====== Source data ======

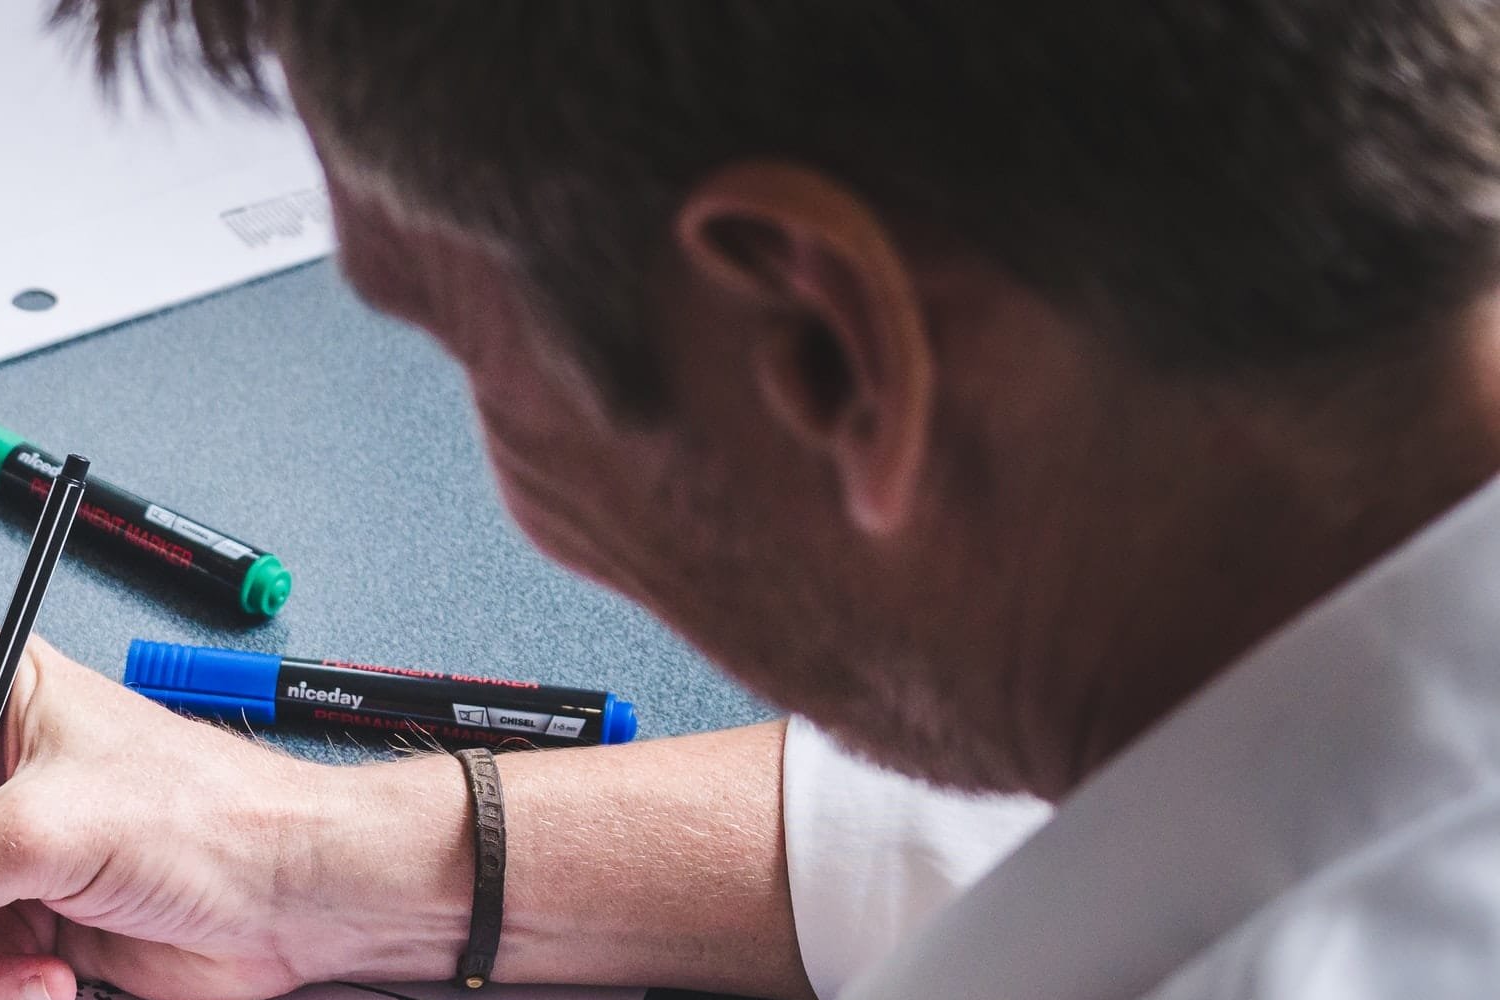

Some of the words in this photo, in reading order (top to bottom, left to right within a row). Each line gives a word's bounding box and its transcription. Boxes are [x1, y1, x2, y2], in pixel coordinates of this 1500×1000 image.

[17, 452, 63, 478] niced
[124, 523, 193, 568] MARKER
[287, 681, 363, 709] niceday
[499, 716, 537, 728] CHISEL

======

* **Work instruction**
Repeat the lines above precisely and skip every picture.

* **Output of the exercise**
Some of the words in this photo, in reading order (top to bottom, left to right within a row). Each line gives a word's bounding box and its transcription. Boxes are [x1, y1, x2, y2], in pixel coordinates of this 1500×1000 image.

[17, 452, 63, 478] niced
[124, 523, 193, 568] MARKER
[287, 681, 363, 709] niceday
[499, 716, 537, 728] CHISEL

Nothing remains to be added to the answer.